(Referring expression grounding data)
[Start of Attachment]

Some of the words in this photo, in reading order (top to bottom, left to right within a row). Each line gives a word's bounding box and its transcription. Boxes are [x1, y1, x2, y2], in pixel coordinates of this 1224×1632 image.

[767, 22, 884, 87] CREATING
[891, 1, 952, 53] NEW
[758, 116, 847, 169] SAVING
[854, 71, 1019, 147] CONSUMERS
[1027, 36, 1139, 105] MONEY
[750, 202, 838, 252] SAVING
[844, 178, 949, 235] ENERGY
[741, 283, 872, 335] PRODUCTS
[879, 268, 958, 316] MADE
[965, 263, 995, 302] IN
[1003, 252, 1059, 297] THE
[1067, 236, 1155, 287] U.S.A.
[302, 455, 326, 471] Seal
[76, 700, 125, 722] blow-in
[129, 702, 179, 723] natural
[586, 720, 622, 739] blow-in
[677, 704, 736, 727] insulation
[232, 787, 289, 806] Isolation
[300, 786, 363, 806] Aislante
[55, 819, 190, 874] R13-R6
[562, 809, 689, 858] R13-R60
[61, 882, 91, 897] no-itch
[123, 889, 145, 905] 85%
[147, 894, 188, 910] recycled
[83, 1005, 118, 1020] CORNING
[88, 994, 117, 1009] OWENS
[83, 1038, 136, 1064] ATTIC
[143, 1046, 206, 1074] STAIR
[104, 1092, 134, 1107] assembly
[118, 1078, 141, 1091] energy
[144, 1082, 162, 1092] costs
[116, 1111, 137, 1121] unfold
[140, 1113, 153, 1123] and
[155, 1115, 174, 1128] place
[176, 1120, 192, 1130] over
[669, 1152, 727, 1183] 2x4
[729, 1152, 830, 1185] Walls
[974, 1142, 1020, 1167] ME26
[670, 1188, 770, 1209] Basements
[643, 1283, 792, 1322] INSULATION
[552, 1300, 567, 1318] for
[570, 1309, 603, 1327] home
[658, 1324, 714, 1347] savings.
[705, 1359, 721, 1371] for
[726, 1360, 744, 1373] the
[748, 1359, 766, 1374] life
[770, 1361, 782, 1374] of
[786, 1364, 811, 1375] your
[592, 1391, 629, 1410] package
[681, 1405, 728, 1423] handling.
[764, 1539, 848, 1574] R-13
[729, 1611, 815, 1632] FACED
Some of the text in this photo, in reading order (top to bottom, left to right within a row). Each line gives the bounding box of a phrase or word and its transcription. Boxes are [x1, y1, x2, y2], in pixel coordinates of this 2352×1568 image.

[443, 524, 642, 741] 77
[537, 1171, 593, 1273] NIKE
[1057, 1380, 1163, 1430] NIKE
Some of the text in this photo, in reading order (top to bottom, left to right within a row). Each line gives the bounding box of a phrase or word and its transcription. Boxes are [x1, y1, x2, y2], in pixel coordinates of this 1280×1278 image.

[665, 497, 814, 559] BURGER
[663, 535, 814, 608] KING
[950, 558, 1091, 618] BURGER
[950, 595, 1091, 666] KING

[End of Attachment]

Write the records out again so that each one matches the original exactly.

Some of the words in this photo, in reading order (top to bottom, left to right within a row). Each line gives a word's bounding box and its transcription. Boxes are [x1, y1, x2, y2], in pixel coordinates of this 1224×1632 image.

[767, 22, 884, 87] CREATING
[891, 1, 952, 53] NEW
[758, 116, 847, 169] SAVING
[854, 71, 1019, 147] CONSUMERS
[1027, 36, 1139, 105] MONEY
[750, 202, 838, 252] SAVING
[844, 178, 949, 235] ENERGY
[741, 283, 872, 335] PRODUCTS
[879, 268, 958, 316] MADE
[965, 263, 995, 302] IN
[1003, 252, 1059, 297] THE
[1067, 236, 1155, 287] U.S.A.
[302, 455, 326, 471] Seal
[76, 700, 125, 722] blow-in
[129, 702, 179, 723] natural
[586, 720, 622, 739] blow-in
[677, 704, 736, 727] insulation
[232, 787, 289, 806] Isolation
[300, 786, 363, 806] Aislante
[55, 819, 190, 874] R13-R6
[562, 809, 689, 858] R13-R60
[61, 882, 91, 897] no-itch
[123, 889, 145, 905] 85%
[147, 894, 188, 910] recycled
[83, 1005, 118, 1020] CORNING
[88, 994, 117, 1009] OWENS
[83, 1038, 136, 1064] ATTIC
[143, 1046, 206, 1074] STAIR
[104, 1092, 134, 1107] assembly
[118, 1078, 141, 1091] energy
[144, 1082, 162, 1092] costs
[116, 1111, 137, 1121] unfold
[140, 1113, 153, 1123] and
[155, 1115, 174, 1128] place
[176, 1120, 192, 1130] over
[669, 1152, 727, 1183] 2x4
[729, 1152, 830, 1185] Walls
[974, 1142, 1020, 1167] ME26
[670, 1188, 770, 1209] Basements
[643, 1283, 792, 1322] INSULATION
[552, 1300, 567, 1318] for
[570, 1309, 603, 1327] home
[658, 1324, 714, 1347] savings.
[705, 1359, 721, 1371] for
[726, 1360, 744, 1373] the
[748, 1359, 766, 1374] life
[770, 1361, 782, 1374] of
[786, 1364, 811, 1375] your
[592, 1391, 629, 1410] package
[681, 1405, 728, 1423] handling.
[764, 1539, 848, 1574] R-13
[729, 1611, 815, 1632] FACED
Some of the text in this photo, in reading order (top to bottom, left to right within a row). Each line gives the bounding box of a phrase or word and its transcription. Boxes are [x1, y1, x2, y2], in pixel coordinates of this 2352×1568 image.

[443, 524, 642, 741] 77
[537, 1171, 593, 1273] NIKE
[1057, 1380, 1163, 1430] NIKE
Some of the text in this photo, in reading order (top to bottom, left to right within a row). Each line gives the bounding box of a phrase or word and its transcription. Boxes are [x1, y1, x2, y2], in pixel coordinates of this 1280×1278 image.

[665, 497, 814, 559] BURGER
[663, 535, 814, 608] KING
[950, 558, 1091, 618] BURGER
[950, 595, 1091, 666] KING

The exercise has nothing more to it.